(Dataset entries)

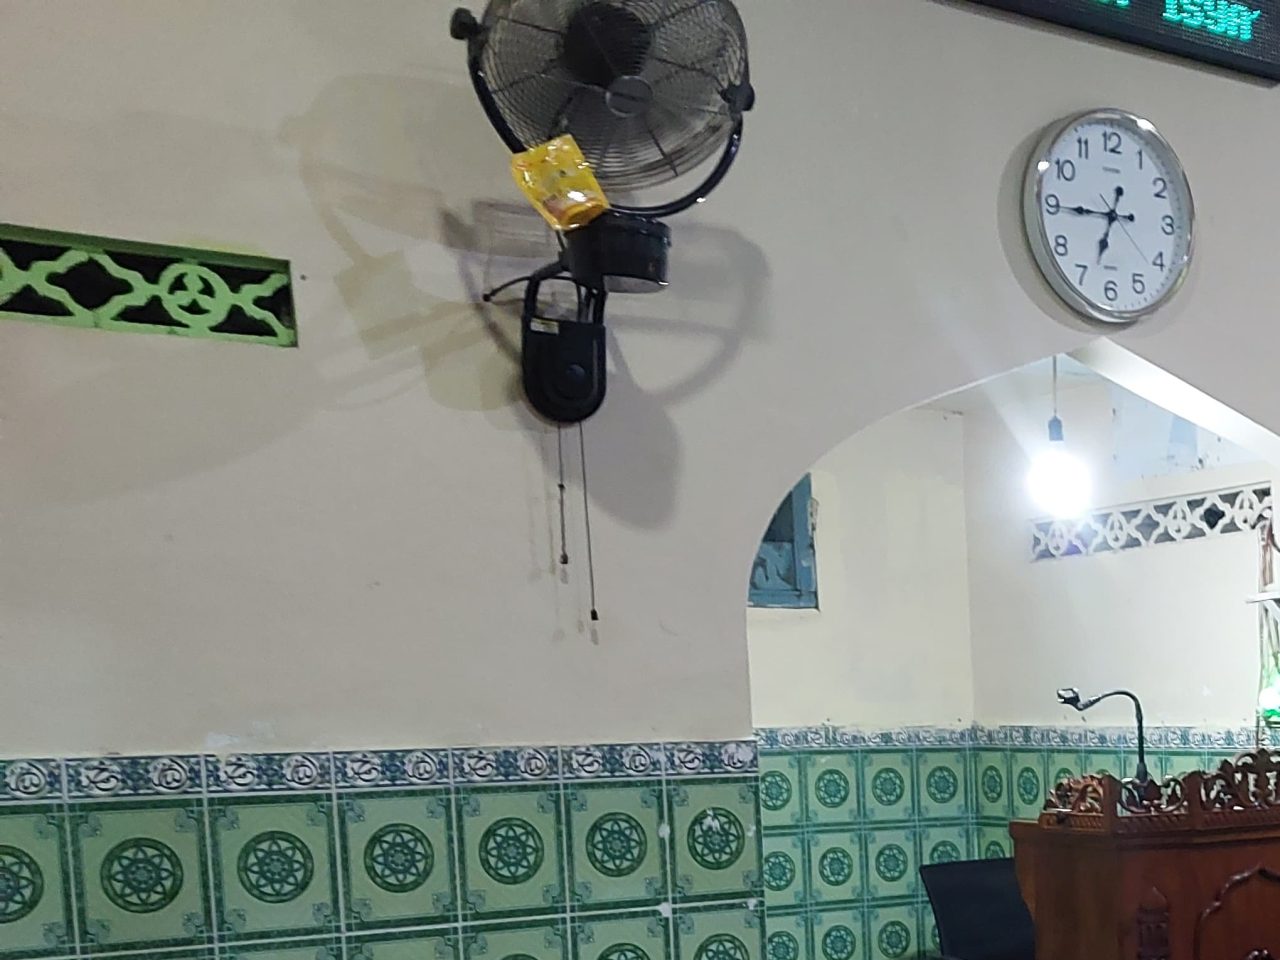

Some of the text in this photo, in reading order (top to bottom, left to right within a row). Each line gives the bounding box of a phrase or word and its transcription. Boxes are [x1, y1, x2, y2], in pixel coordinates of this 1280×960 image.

[1077, 137, 1089, 159] 11
[1102, 131, 1122, 154] 12
[1055, 158, 1076, 181] 10
[1137, 149, 1143, 170] 1
[1152, 177, 1167, 199] 2
[1044, 194, 1060, 215] 9
[1161, 215, 1175, 236] 3
[1054, 235, 1068, 256] 8
[1152, 251, 1165, 272] 4
[1075, 263, 1088, 286] 7
[1132, 273, 1145, 294] 5
[1104, 280, 1118, 301] 6
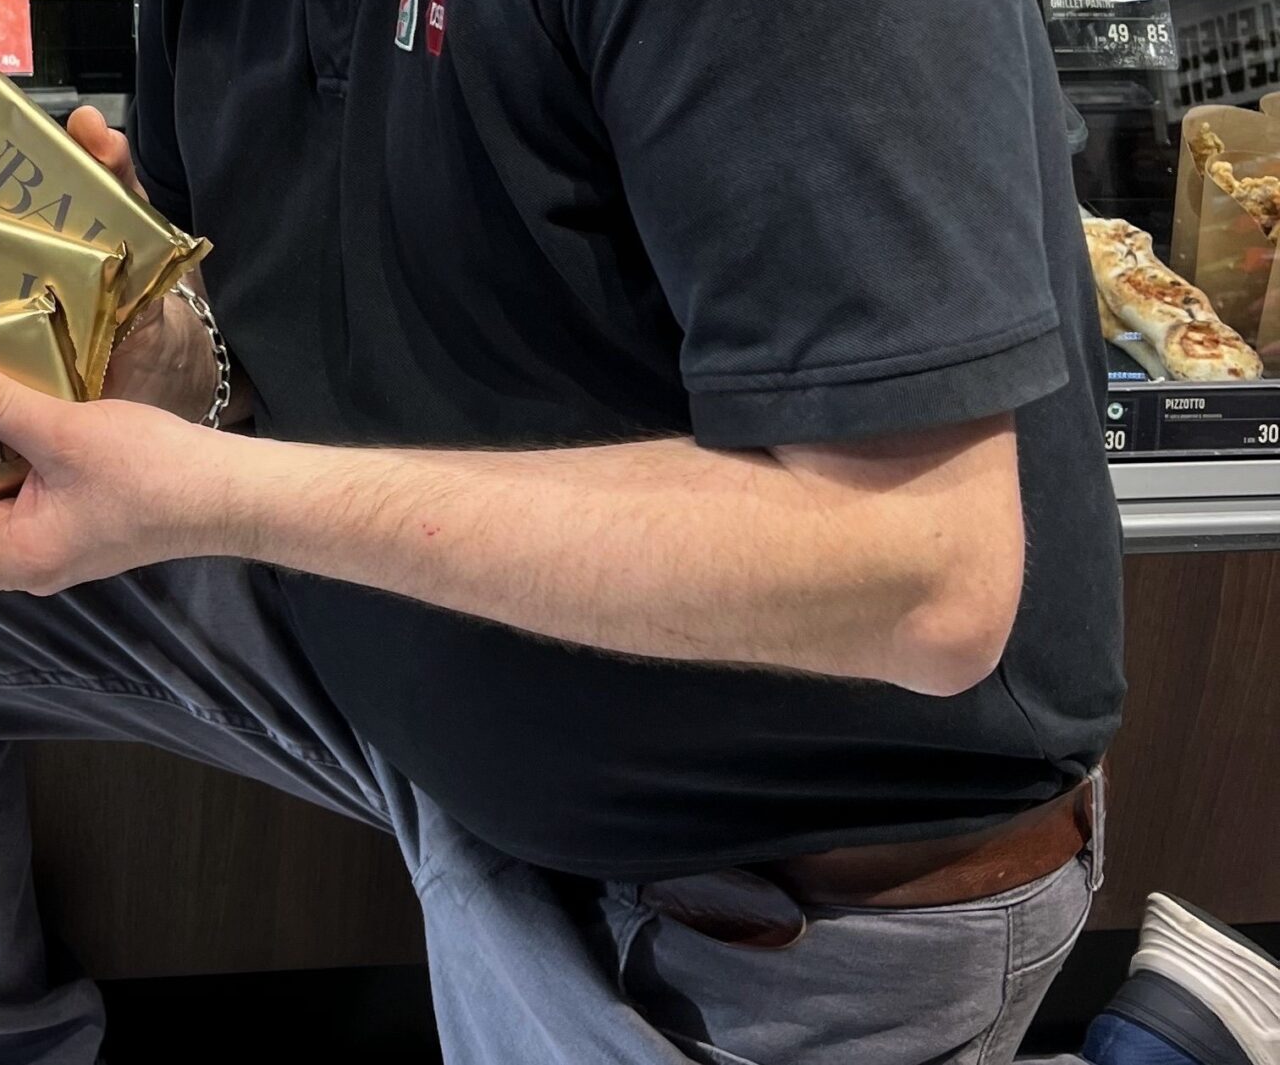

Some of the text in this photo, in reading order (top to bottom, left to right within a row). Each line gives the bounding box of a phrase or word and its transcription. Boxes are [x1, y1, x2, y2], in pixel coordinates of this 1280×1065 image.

[1107, 23, 1168, 42] 49 85
[1165, 398, 1206, 410] PIZZOTTO
[1105, 430, 1126, 450] 30
[1258, 423, 1279, 443] 30
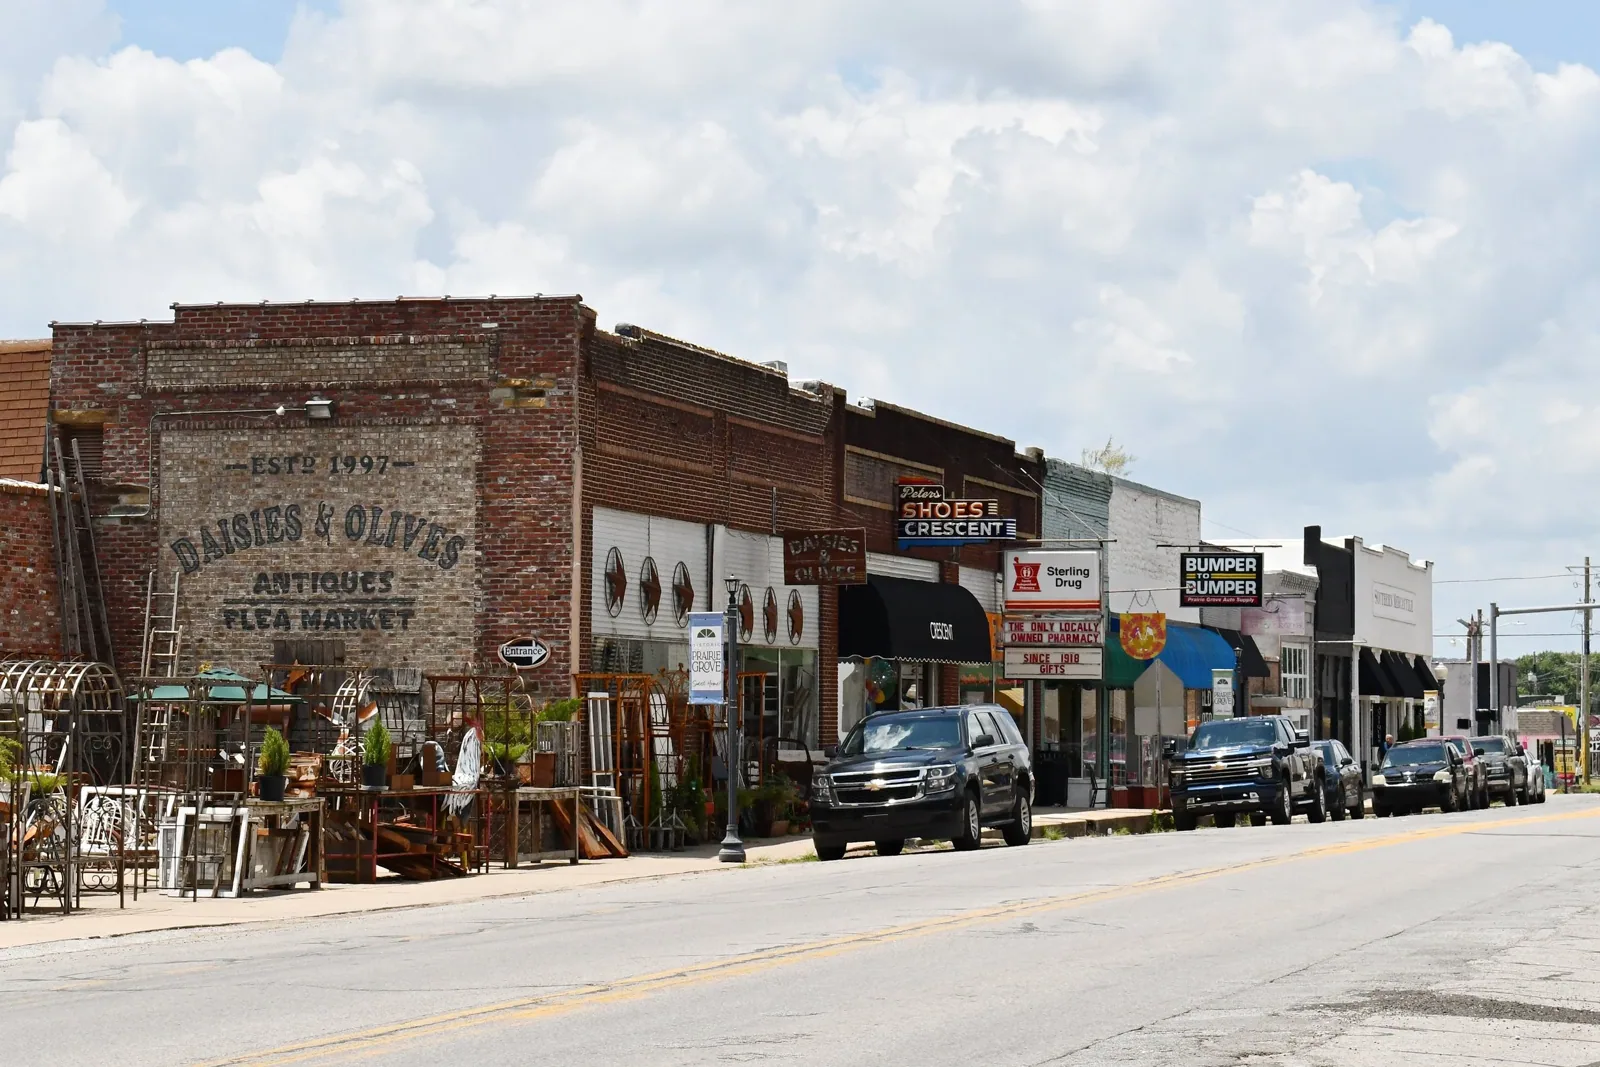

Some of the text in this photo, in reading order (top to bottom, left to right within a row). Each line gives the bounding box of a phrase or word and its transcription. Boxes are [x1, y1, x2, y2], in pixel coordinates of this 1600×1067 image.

[330, 455, 389, 475] 1997
[900, 486, 942, 498] Peters
[903, 502, 984, 518] SHOES
[904, 521, 1004, 536] CRESCENT
[170, 500, 466, 575] DAISIES & OLIVES
[788, 534, 860, 556] DAISIES
[1185, 557, 1257, 572] BUMPER
[794, 566, 857, 581] OLIVES
[1046, 566, 1090, 579] Sterling
[253, 571, 395, 594] ANTIQUES
[1055, 577, 1082, 590] Drug
[1185, 580, 1257, 595] BUMPER
[223, 608, 416, 631] FLEA MARKET
[1008, 622, 1100, 632] THE ONLY LOCALLY
[930, 622, 954, 640] CRESCENT
[1011, 633, 1100, 643] OWNED PHARMACY
[505, 647, 543, 656] Entrance
[692, 650, 721, 661] PRAIRIE
[1023, 654, 1080, 663] SINCE 1918
[692, 660, 721, 673] GROVE
[1040, 664, 1066, 674] GIFTS

▶ _PROBLEM DESCRIPTION_
Word for word, retype all of the data above, but include no pictures.

▶ _EXERCISE SOLUTION_
Some of the text in this photo, in reading order (top to bottom, left to right within a row). Each line gives the bounding box of a phrase or word and its transcription. Boxes are [x1, y1, x2, y2], in pixel coordinates of this 1280×960 image.

[1077, 137, 1089, 159] 11
[1102, 131, 1122, 154] 12
[1055, 158, 1076, 181] 10
[1137, 149, 1143, 170] 1
[1152, 177, 1167, 199] 2
[1044, 194, 1060, 215] 9
[1161, 215, 1175, 236] 3
[1054, 235, 1068, 256] 8
[1152, 251, 1165, 272] 4
[1075, 263, 1088, 286] 7
[1132, 273, 1145, 294] 5
[1104, 280, 1118, 301] 6

Some of the text in this photo, in reading order (top to bottom, left to right within a row). Each line gives the bounding box of a phrase or word and its transcription. Boxes are [x1, y1, x2, y2], in pixel coordinates of this 1280×1065 image.

[1107, 23, 1168, 42] 49 85
[1165, 398, 1206, 410] PIZZOTTO
[1105, 430, 1126, 450] 30
[1258, 423, 1279, 443] 30

Some of the text in this photo, in reading order (top to bottom, left to right within a row). Each line gives the bounding box of a phrase or word and its transcription. Boxes are [x1, y1, x2, y2], in pixel coordinates of this 1600×1067 image.

[330, 455, 389, 475] 1997
[900, 486, 942, 498] Peters
[903, 502, 984, 518] SHOES
[904, 521, 1004, 536] CRESCENT
[170, 500, 466, 575] DAISIES & OLIVES
[788, 534, 860, 556] DAISIES
[1185, 557, 1257, 572] BUMPER
[794, 566, 857, 581] OLIVES
[1046, 566, 1090, 579] Sterling
[253, 571, 395, 594] ANTIQUES
[1055, 577, 1082, 590] Drug
[1185, 580, 1257, 595] BUMPER
[223, 608, 416, 631] FLEA MARKET
[1008, 622, 1100, 632] THE ONLY LOCALLY
[930, 622, 954, 640] CRESCENT
[1011, 633, 1100, 643] OWNED PHARMACY
[505, 647, 543, 656] Entrance
[692, 650, 721, 661] PRAIRIE
[1023, 654, 1080, 663] SINCE 1918
[692, 660, 721, 673] GROVE
[1040, 664, 1066, 674] GIFTS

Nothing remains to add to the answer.